Only one RCT addressed cost-effectiveness in its study [5]. It showed no difference in costs between the NPWT and control groups. However, this only considered the cost of dressings themselves. While this is reassuring, there are clearly several other factors to consider for a full and comprehensive assessment of cost differences. These include length of stay, treatment of post-operative wound infections, dressing clinic visits, absenteeism at work, and outpatient consultations, all of which would be necessary for both groups. An initial high-cost burden is expected with the use of NPWT; yet, overall costs may decrease with a reduced time to complete wound healing, leading to fewer dressing changes and outpatient reviews. Additionally, this study found no significant difference in length of stay.

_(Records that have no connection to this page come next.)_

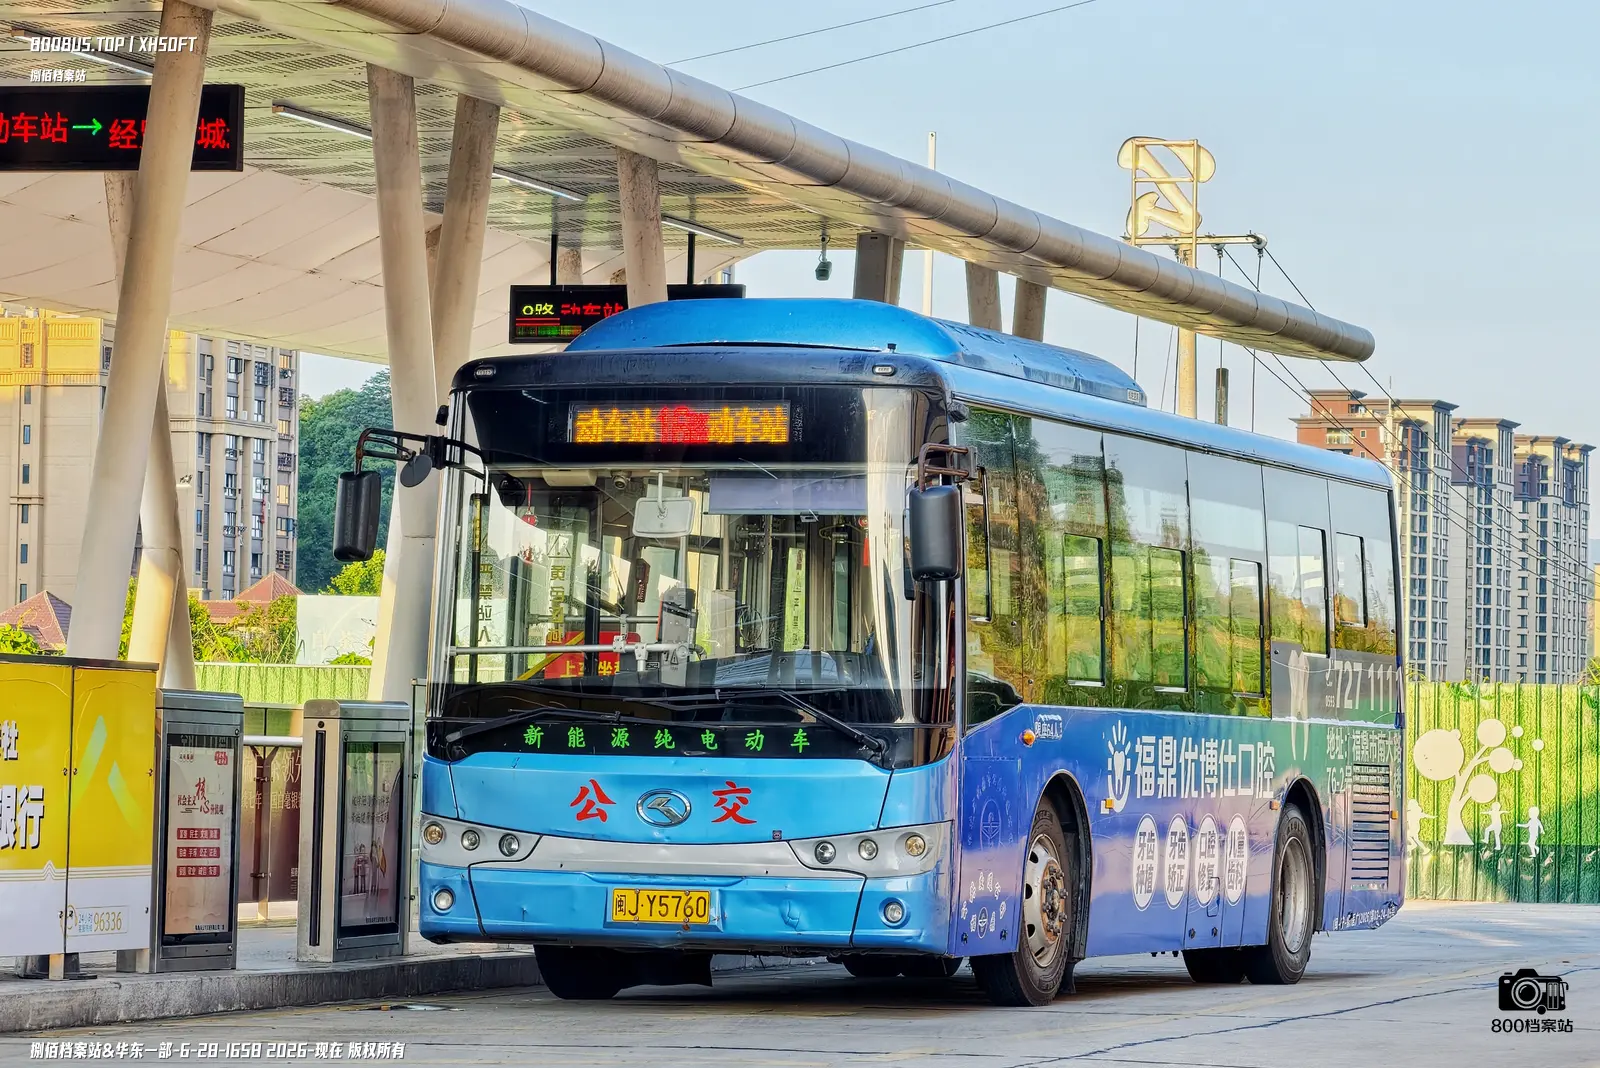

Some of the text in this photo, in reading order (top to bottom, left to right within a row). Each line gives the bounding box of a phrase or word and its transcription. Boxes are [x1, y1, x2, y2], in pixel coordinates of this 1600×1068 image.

[1332, 661, 1363, 710] 727
[523, 724, 810, 754] 新能源纯电动车
[1135, 735, 1275, 799] 福鼎优博仕口腔
[1138, 831, 1155, 860] 牙齿
[1169, 831, 1186, 860] 牙齿
[93, 911, 123, 932] 96336

The main strength of this study lies in the inclusion of only RCTs, which represents the highest level of evidence. However, there are several limitations. First, the sample size was small, consisting of 332 patients across six RCTs that were included and analysed. Second, heterogeneity was observed among the included studies, as different skin closure methods and varying outcomes with distinct measurement tools were used. A sub-group analysis was conducted including only the studies who utilized PSC in an attempt to reduce heterogeneity. This analysis yielded similar results to the main group analysis. It was not possible to combine and analyze outcomes related to cosmetic results, pain, and cost-effectiveness, since different assessment tools were employed in various studies. Although these outcomes were included as secondary measures, they were not necessarily powered to yield statistically significant results. Regarding the quality of the included studies, all scored 3 out of 5 on the JADAD scale, largely due to the inability to implement blinding given the nature of the intervention being investigated. Finally, it remains unknown what the optimal NPWT device is or which device settings might yield the best results. There is also no clarity on the optimal duration of use, as current practices depend on surgeon preference without established guidelines or protocols. Additionally, it is still unclear whether a specific cohort of higher risk patients may gain greater benefits from its use, leading to improved outcomes for that group as well as more cost-effective use of NPWT.

Conclusion

The use of NPWT after stoma reversal significantly reduces the time to complete wound healing. This suggests that NPWT may be a useful adjunct in postoperative recovery. Despite these encouraging findings, several important questions remain unanswered, including the optimal device, device settings and duration of therapy, cost-effectiveness, and ideal patient selection criteria.